[WHAT IS BEING ASKED] Lines from the one containing "this 1280×1707 image." through the final line of the records are the only ones to copy, and each must match exactly.

Top of RECORDS FOR PROCESSING

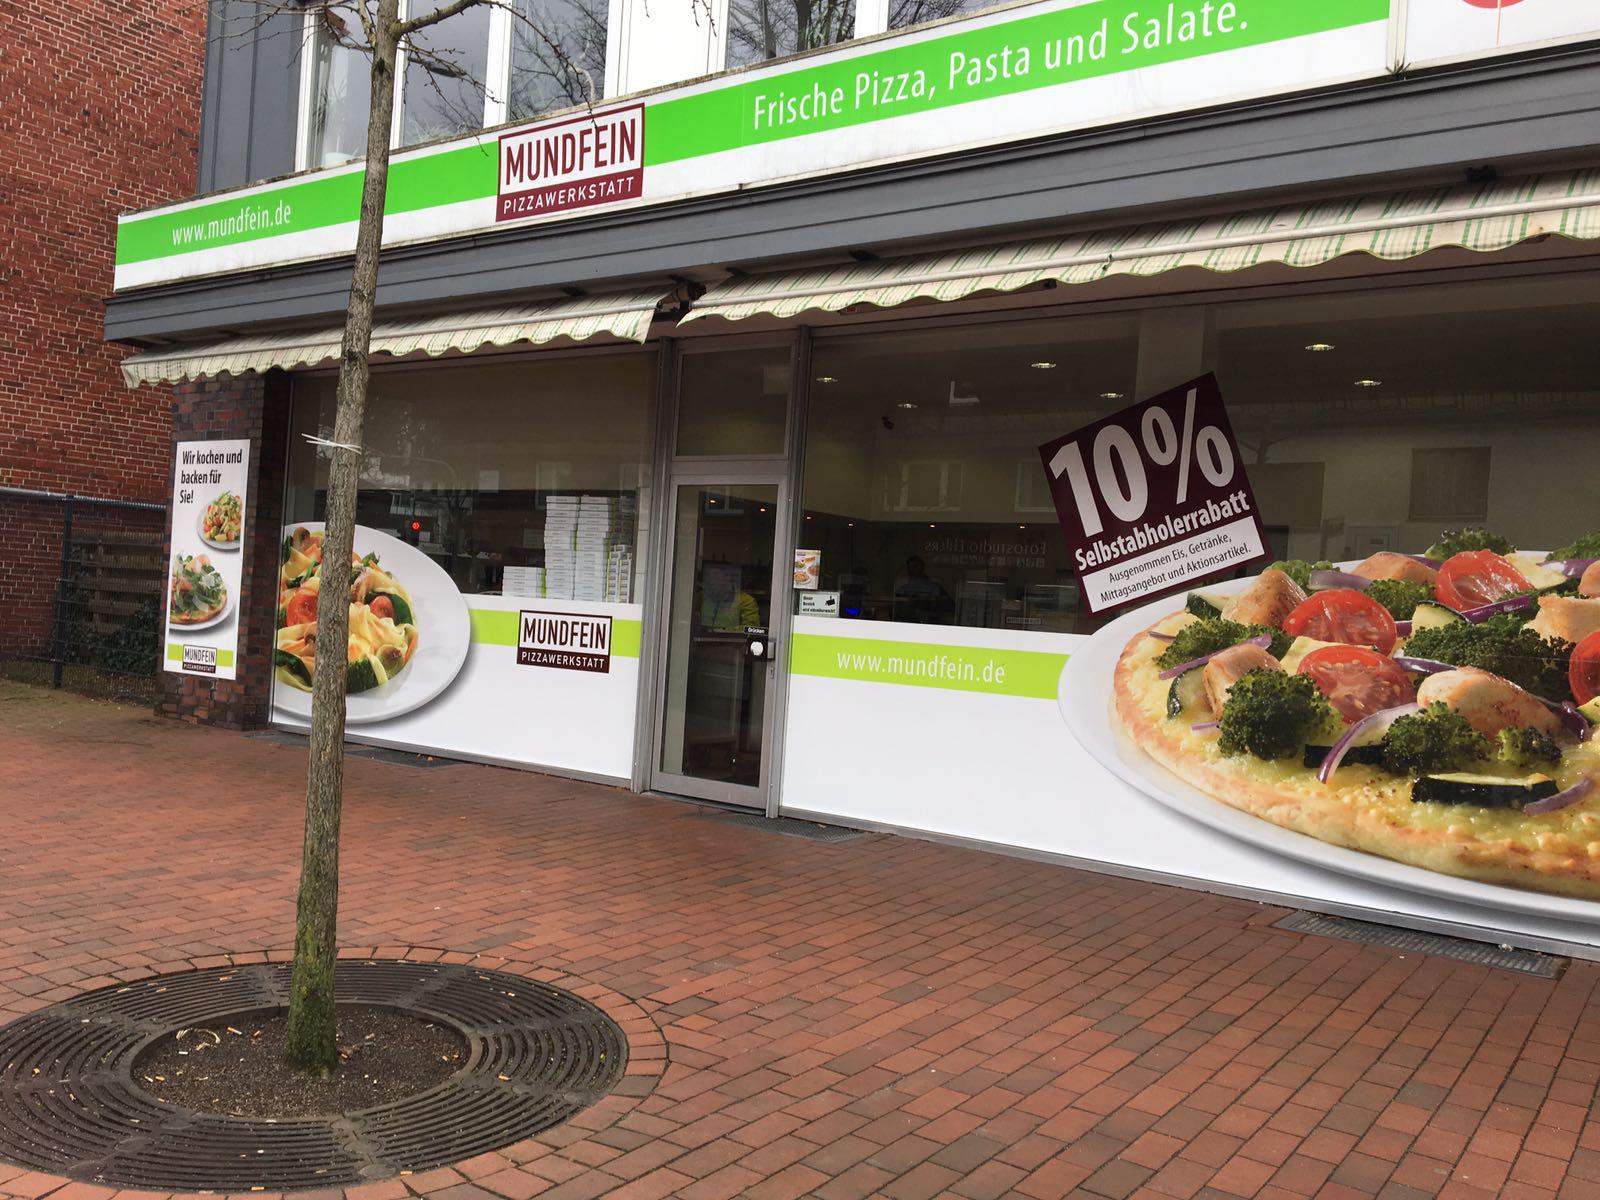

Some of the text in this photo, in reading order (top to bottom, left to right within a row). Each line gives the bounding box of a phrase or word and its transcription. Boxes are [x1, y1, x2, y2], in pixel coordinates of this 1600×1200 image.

[754, 0, 1248, 130] Frische Pizza, Pasta und Salate.
[505, 118, 636, 186] MUNDFEIN
[503, 176, 634, 215] PIZZAWERKSTATT
[172, 199, 292, 246] www.mundfein.de
[182, 448, 242, 465] Wir kochen und
[1049, 387, 1235, 538] 10%
[180, 489, 193, 504] Sie!
[181, 469, 221, 485] backen für
[1075, 489, 1250, 571] Selbstabholerrabatt
[1100, 543, 1251, 603] Mittagsangebot und Aktionsartikel.
[1108, 531, 1232, 584] Ausgenommen Eis, Getränke,
[523, 617, 607, 649] MUNDFEIN
[185, 648, 215, 663] MUNDFEIN
[521, 651, 604, 669] PIZZAWERKSTATT
[836, 651, 1006, 684] www.mundfein.de
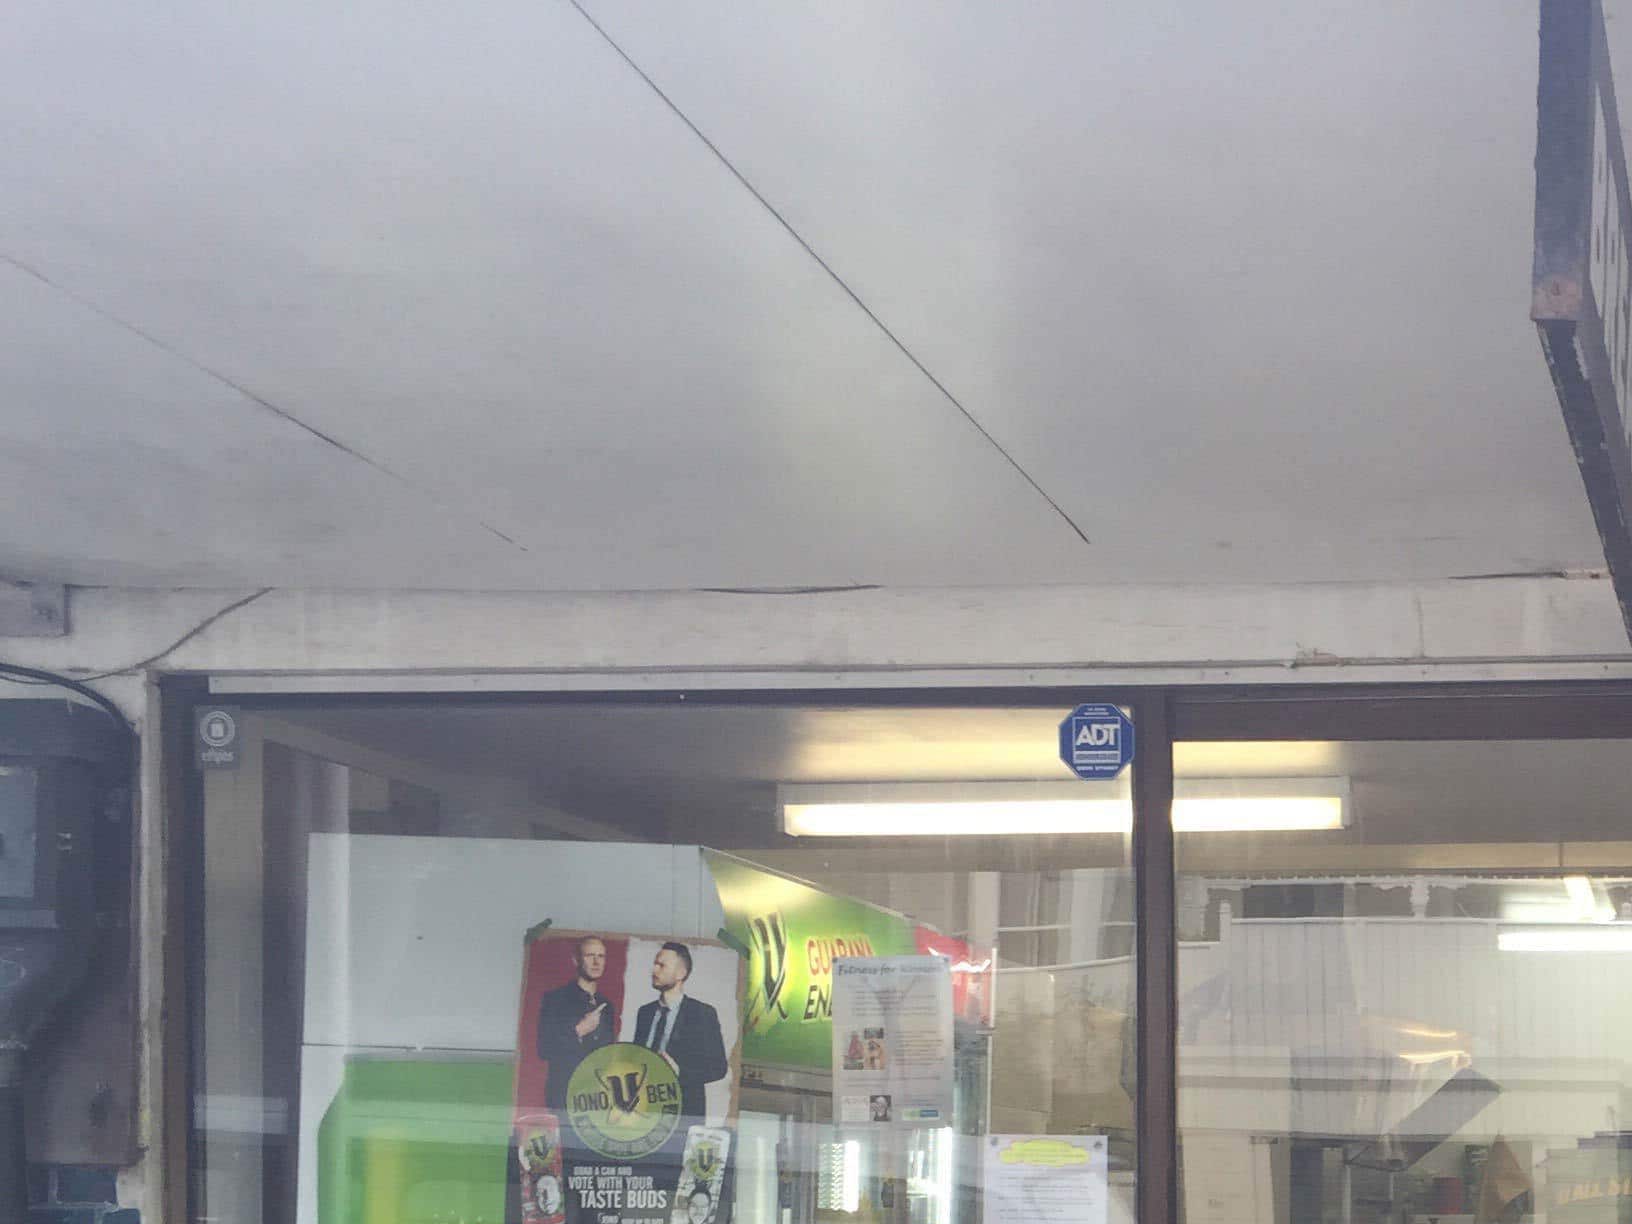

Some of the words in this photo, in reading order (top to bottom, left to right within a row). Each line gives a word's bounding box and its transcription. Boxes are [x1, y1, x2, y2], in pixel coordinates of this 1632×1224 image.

[1076, 724, 1120, 745] ADT
[646, 1082, 677, 1103] BEN
[568, 1176, 594, 1190] VOTE
[597, 1176, 623, 1190] WITH
[626, 1176, 654, 1190] YOUR
[579, 1190, 622, 1209] TASTE
[627, 1190, 668, 1209] BUDS
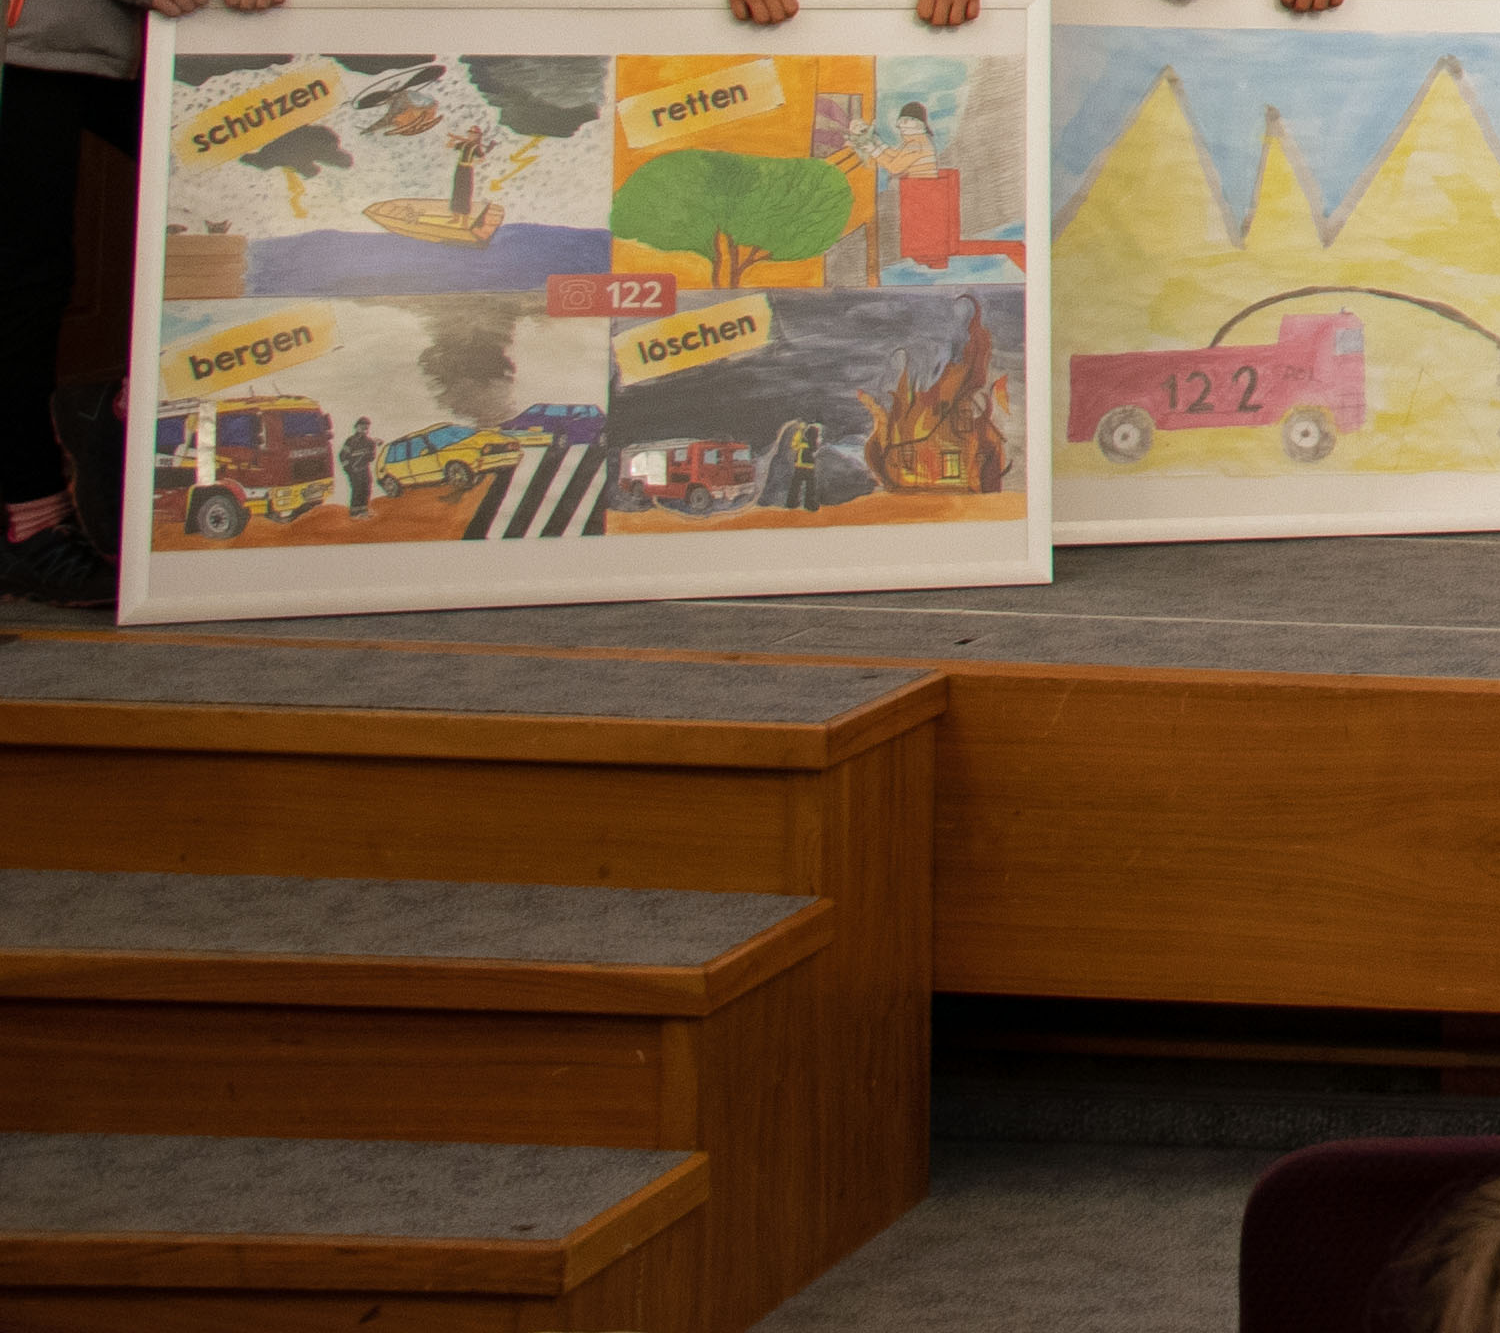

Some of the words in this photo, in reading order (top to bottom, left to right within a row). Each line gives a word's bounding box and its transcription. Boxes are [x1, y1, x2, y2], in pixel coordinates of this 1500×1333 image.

[193, 79, 330, 153] schützen
[652, 84, 748, 127] retten
[606, 281, 662, 309] 122
[188, 325, 313, 380] bergen
[638, 314, 757, 364] löschen
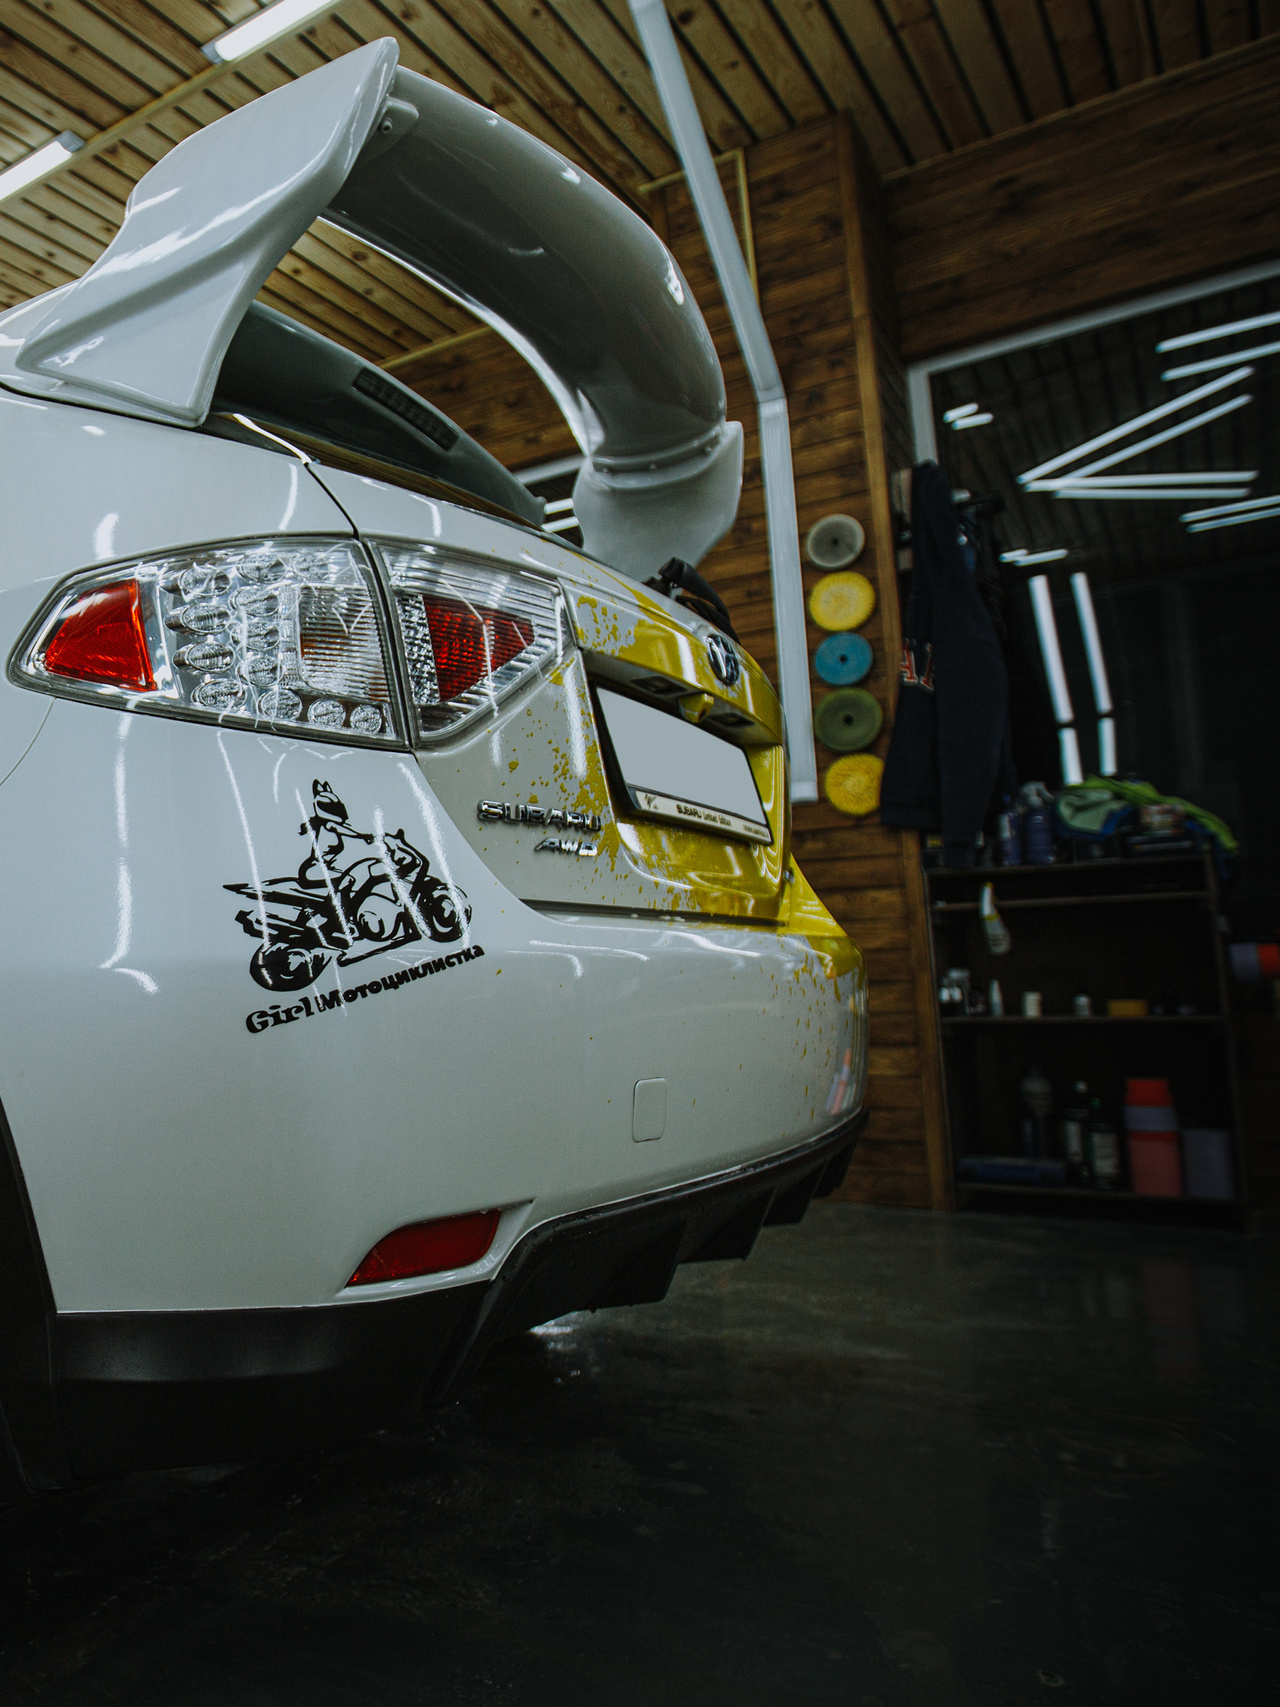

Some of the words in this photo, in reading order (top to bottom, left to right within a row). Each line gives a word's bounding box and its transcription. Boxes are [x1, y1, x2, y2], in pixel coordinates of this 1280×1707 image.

[477, 799, 601, 832] SUBARU
[675, 803, 702, 819] SUBARU
[534, 837, 598, 857] AWD
[245, 996, 315, 1034] Girl
[317, 944, 485, 1012] Мотоциклистка

Bottom of RECORDS FOR PROCESSING

[RESULT OF THIS TASK]
Some of the words in this photo, in reading order (top to bottom, left to right within a row). Each line gives a word's bounding box and its transcription. Boxes are [x1, y1, x2, y2], in pixel coordinates of this 1280×1707 image.

[477, 799, 601, 832] SUBARU
[675, 803, 702, 819] SUBARU
[534, 837, 598, 857] AWD
[245, 996, 315, 1034] Girl
[317, 944, 485, 1012] Мотоциклистка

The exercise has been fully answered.